[Problem description] Output the records below in full, word for word; pictures do not belong in it.

(Data excerpts)

# # # # #

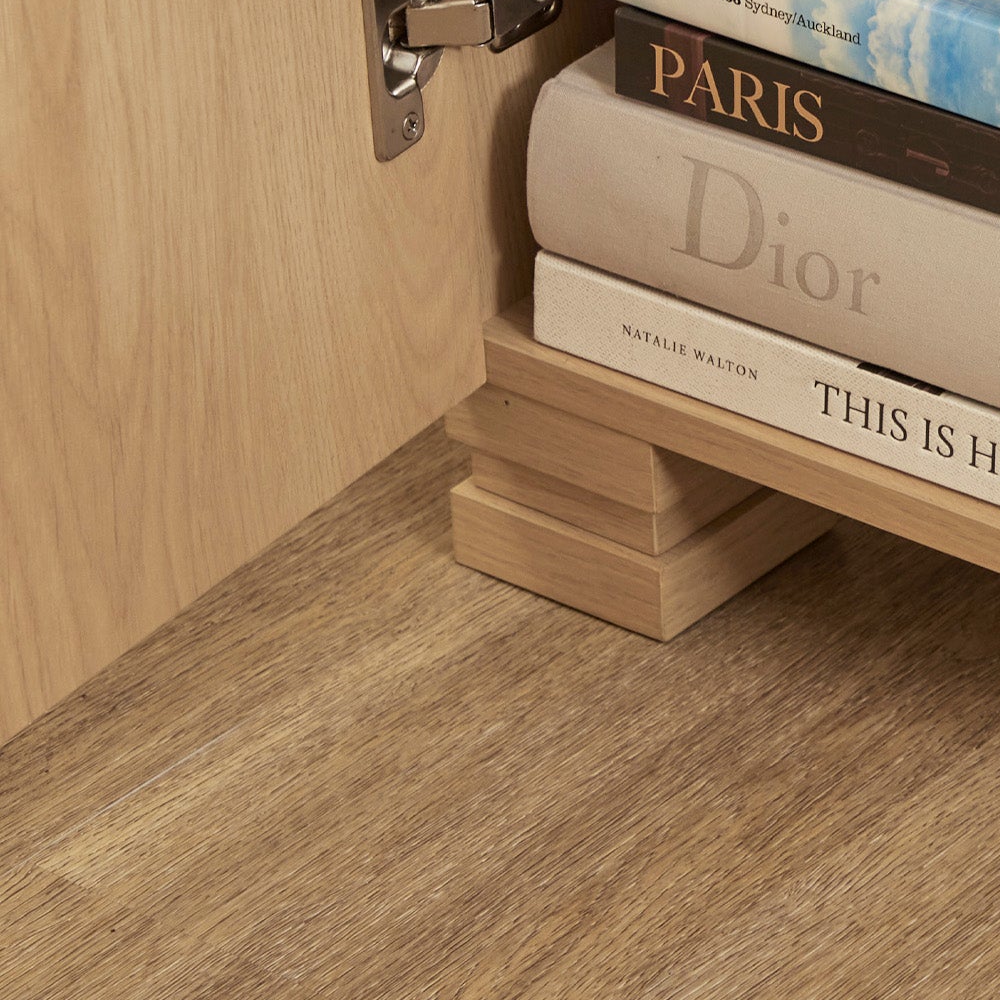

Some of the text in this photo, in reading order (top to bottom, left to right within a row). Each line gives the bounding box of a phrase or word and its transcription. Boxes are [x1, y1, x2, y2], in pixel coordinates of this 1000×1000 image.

[649, 42, 825, 144] PARIS
[669, 154, 881, 317] Dior
[622, 323, 758, 381] NATALIE WALTON
[814, 379, 908, 442] THIS
[922, 417, 955, 459] IS

# # # # #

[Result of this exercise]
Some of the text in this photo, in reading order (top to bottom, left to right within a row). Each line gives the bounding box of a phrase or word and its transcription. Boxes are [x1, y1, x2, y2], in pixel coordinates of this 1000×1000 image.

[649, 42, 825, 144] PARIS
[669, 154, 881, 317] Dior
[622, 323, 758, 381] NATALIE WALTON
[814, 379, 908, 442] THIS
[922, 417, 955, 459] IS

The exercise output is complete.